Depending on what your integration test does, you might be better off with the 
ProjectBuilder. This simply creates instances of Project which you can apply 
your plugins to to test them. It has the advantage that everything runs 
in-process and you don't need a Gradle distribution to make it work at runtime.

I've started with ProjectBuilder, but it's really not that useful. It seems to only allow you to test plugin initialization. Not bad, but I don't want to stop here.


If you want to actually run a build, you're pretty much stuck with the tooling 
API for now. It might be useful for us to add some kind of test fixture for the 
tooling API, so that your test can create a light-weight implementation of 
ProjectConnection or perhaps BuildLauncher.

It's an integration test, so I don't see it as a bad thing to perform a full Gradle build.

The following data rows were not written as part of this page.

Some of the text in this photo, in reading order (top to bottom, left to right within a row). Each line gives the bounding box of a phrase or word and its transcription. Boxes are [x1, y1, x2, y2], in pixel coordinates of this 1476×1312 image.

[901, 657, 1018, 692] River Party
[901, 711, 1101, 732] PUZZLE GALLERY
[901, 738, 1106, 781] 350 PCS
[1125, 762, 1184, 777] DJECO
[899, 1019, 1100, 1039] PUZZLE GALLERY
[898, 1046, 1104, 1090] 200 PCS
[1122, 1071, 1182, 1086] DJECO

If the daemon would work for my use case, there would wouldn't be much of a complain. Of course, better testing provisions would surely be welcome (the daemon might complicate coverage reporting).

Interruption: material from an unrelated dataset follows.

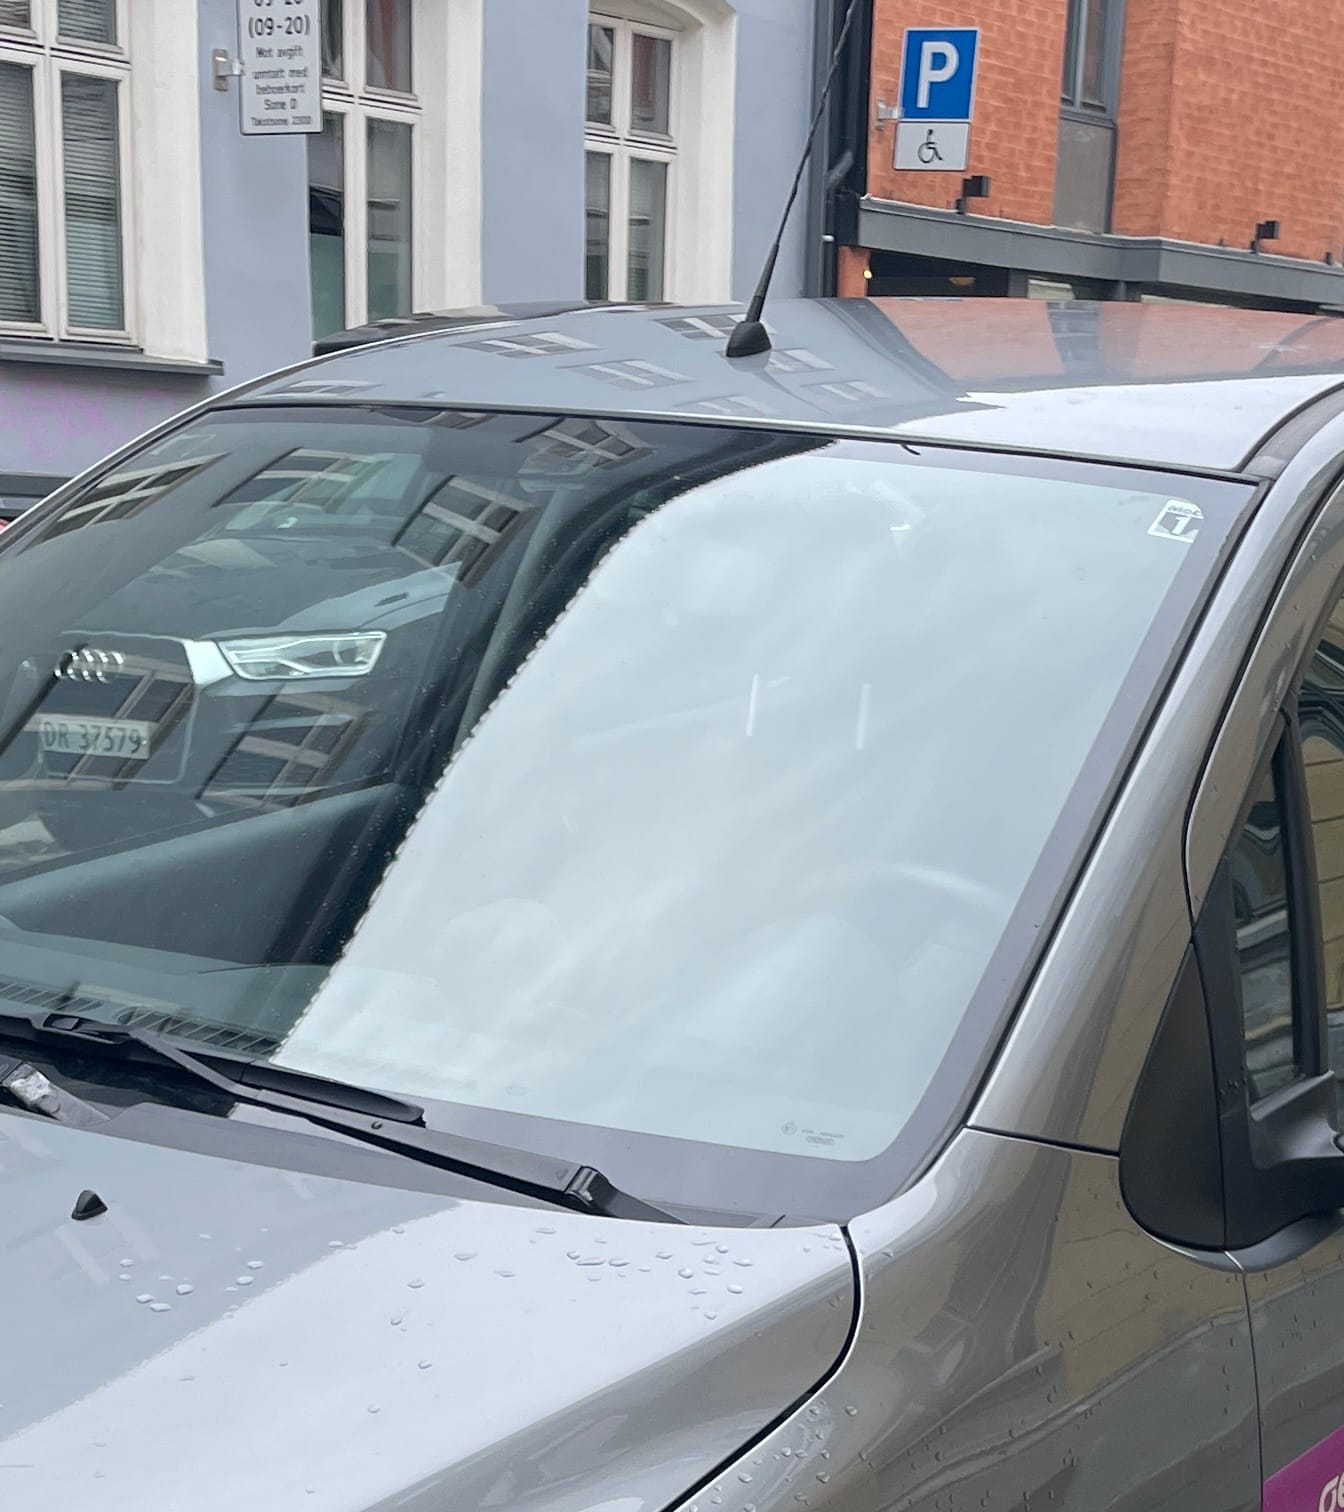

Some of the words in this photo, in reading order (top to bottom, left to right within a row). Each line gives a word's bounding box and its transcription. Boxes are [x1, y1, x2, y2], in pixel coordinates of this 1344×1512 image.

[248, 14, 311, 38] (09-20)
[916, 41, 960, 109] P
[43, 721, 70, 749] DR
[78, 723, 141, 755] 37579

In the meantime, a workaround you can use is to switch the tooling API to 
'embedded' mode, via an internal API. This will run the build in the test jvm, 
rather than using the daemon:

DefaultGradleConnector connector = (DefaultGradleConnector) 
GradleConnector.newConnector();
connector.embedded(true);

Thanks! That works like a charm!

The test now runs magnitudes slower, but at least it does no longer fail for repeated runs.